Nearly 3 in 5 Canadians see drop in household income

More than half won’t be able to pay bills within weeks: survey

Nearly 3 in 5 Canadians see drop in household income
Of those impacted, 70 per cent expect they will not be able to pay their bills or loans within 5.8 weeks.

Nearly three out of five Canadians (57 per cent) say their household income has been negatively impacted by the COVID-19 pandemic.

The top reasons for this negative impact are reduced work hours for the respondents (33 per cent), reduced work hours for the respondents’ partners (23 per cent) and job loss for the respondents (23 per cent).

Another 10 per cent expect to be impacted in the future, according to a report by Transunion.

Of those impacted, 70 per cent expect they will not be able to pay their bills or loans within 5.8 weeks, and 54 per cent estimate that they will not be able to do the same within four weeks.

These include payments for credit cards (53 per cent), rent (38 per cent) and mobile or wireless services (38 per cent). When paying for these, consumers expect they will be short $933.40, found the survey of 1,064 adults.

Meanwhile, 33 per cent plan to pay only a portion of bills or debt. Many consumers plan either to borrow money from a friend or family member (25 per cent) or rely on government stimulus (20 per cent) to fill the gap, but nearly 23 per cent don’t know how they are going to pay.

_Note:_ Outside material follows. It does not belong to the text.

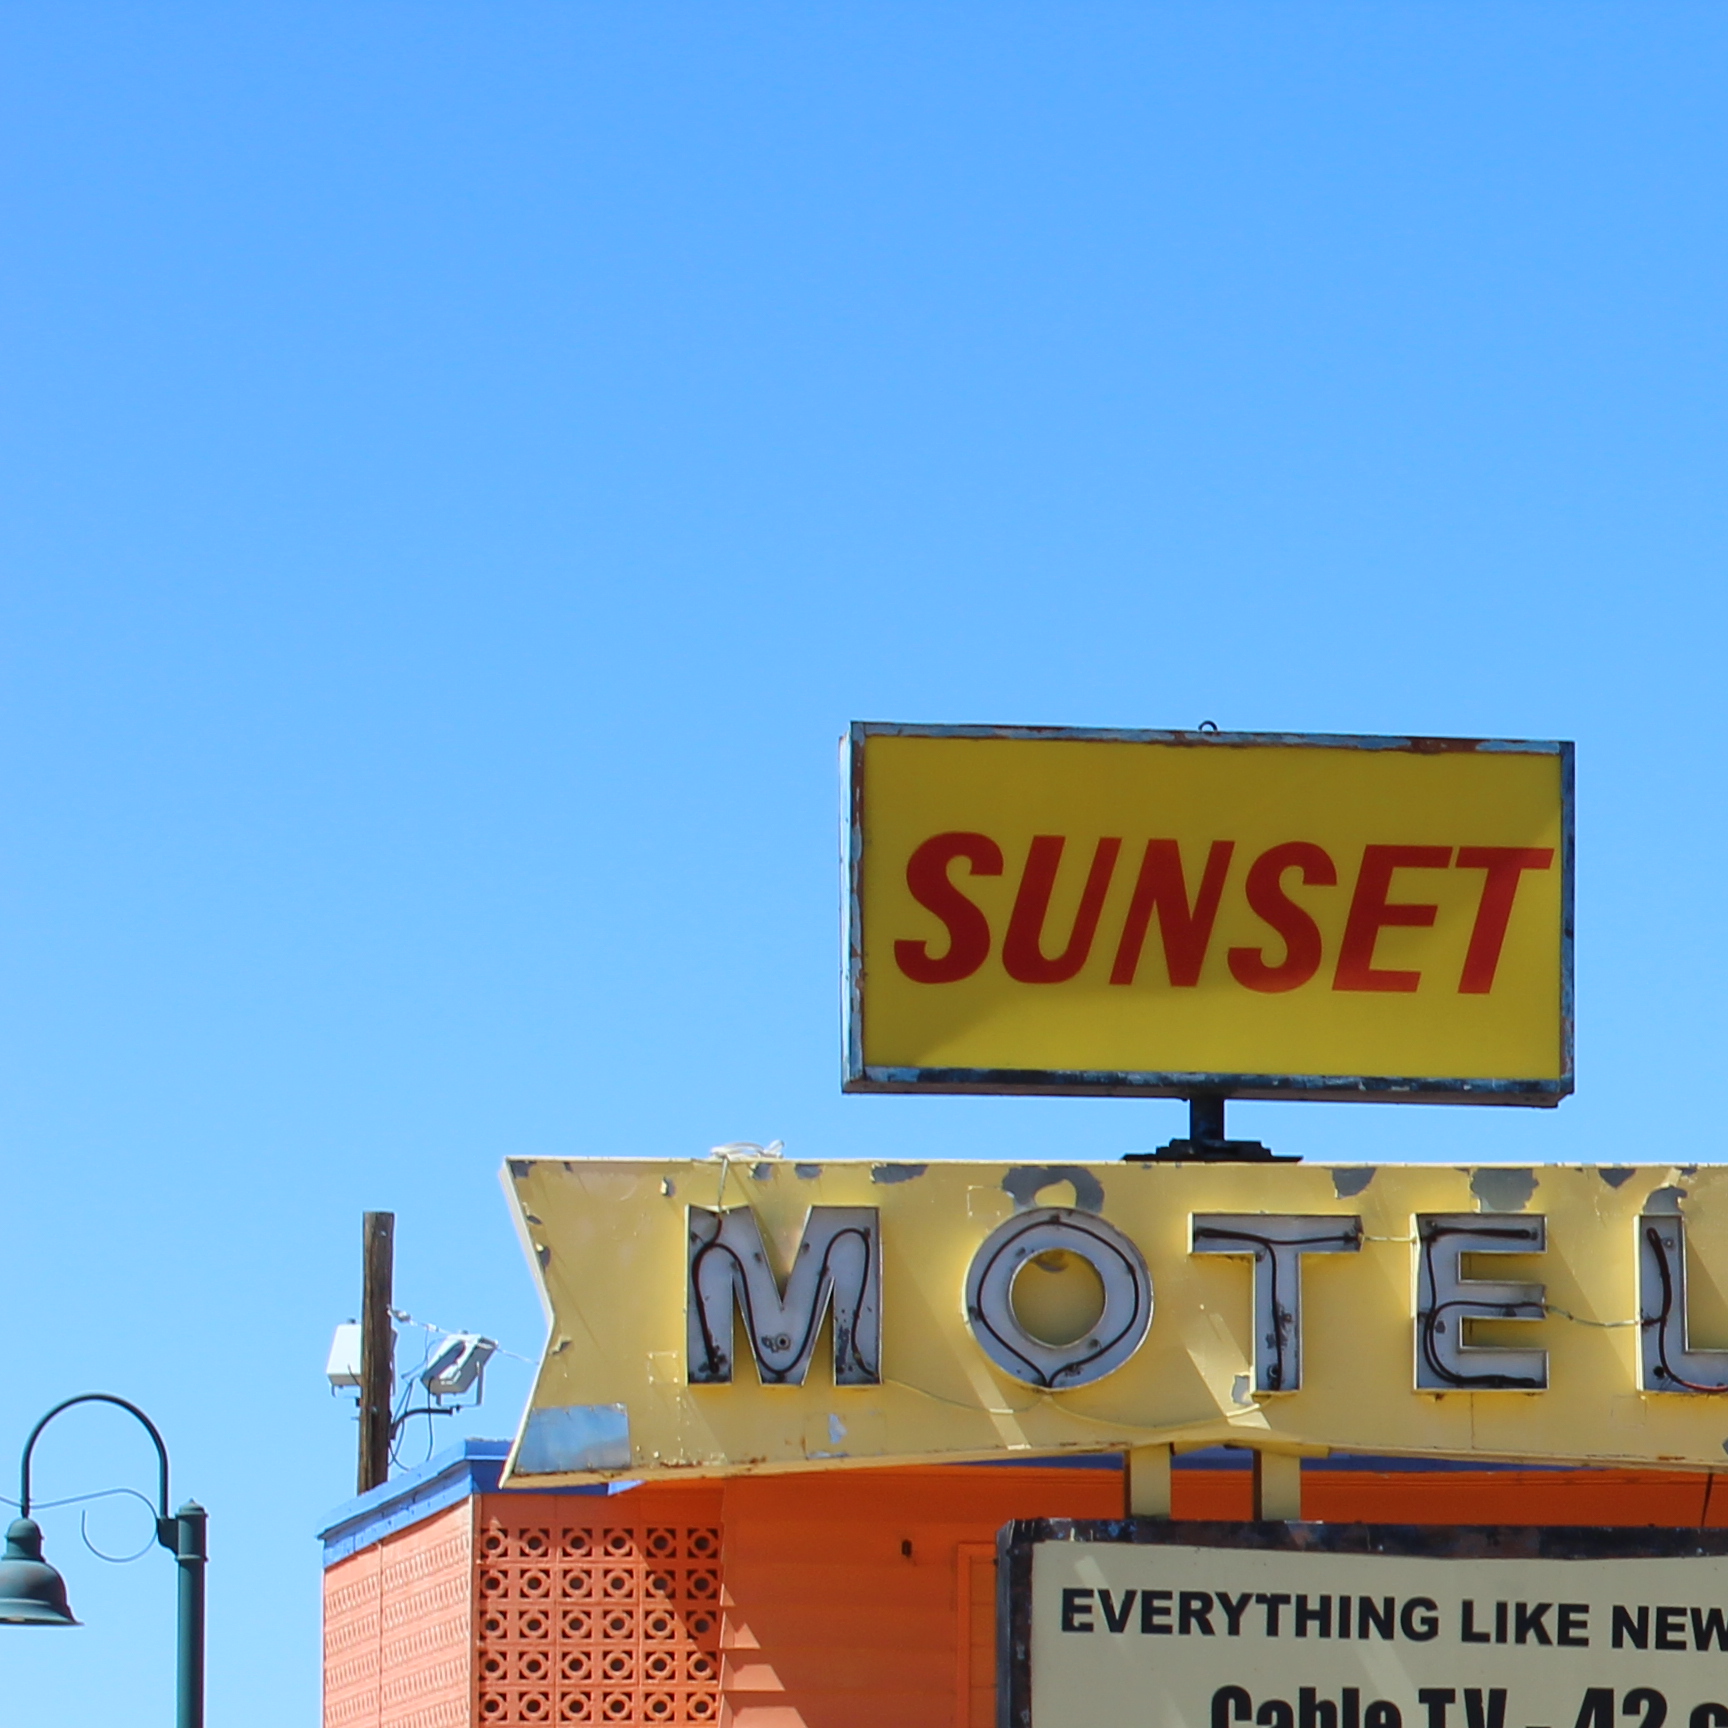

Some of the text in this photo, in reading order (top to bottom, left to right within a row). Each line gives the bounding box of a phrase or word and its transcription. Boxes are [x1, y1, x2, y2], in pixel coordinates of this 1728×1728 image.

Last week, the federal government said that the Canada Emergency Wage Subsidy (CEWS) program will be altered so that employers no longer have to show a 30-per-cent drop in revenues when comparing the month this year to the same month in 2019.

More than three-quarters (81 per cent) of respondents to a survey by Morneau Shepell say that the COVID-19 pandemic is negatively impacting their mental health, ranging from some concern but an ability to cope (49 per cent) to feeling the crisis has a negative, very negative or significantly negative impact on their mental health (32 per cent).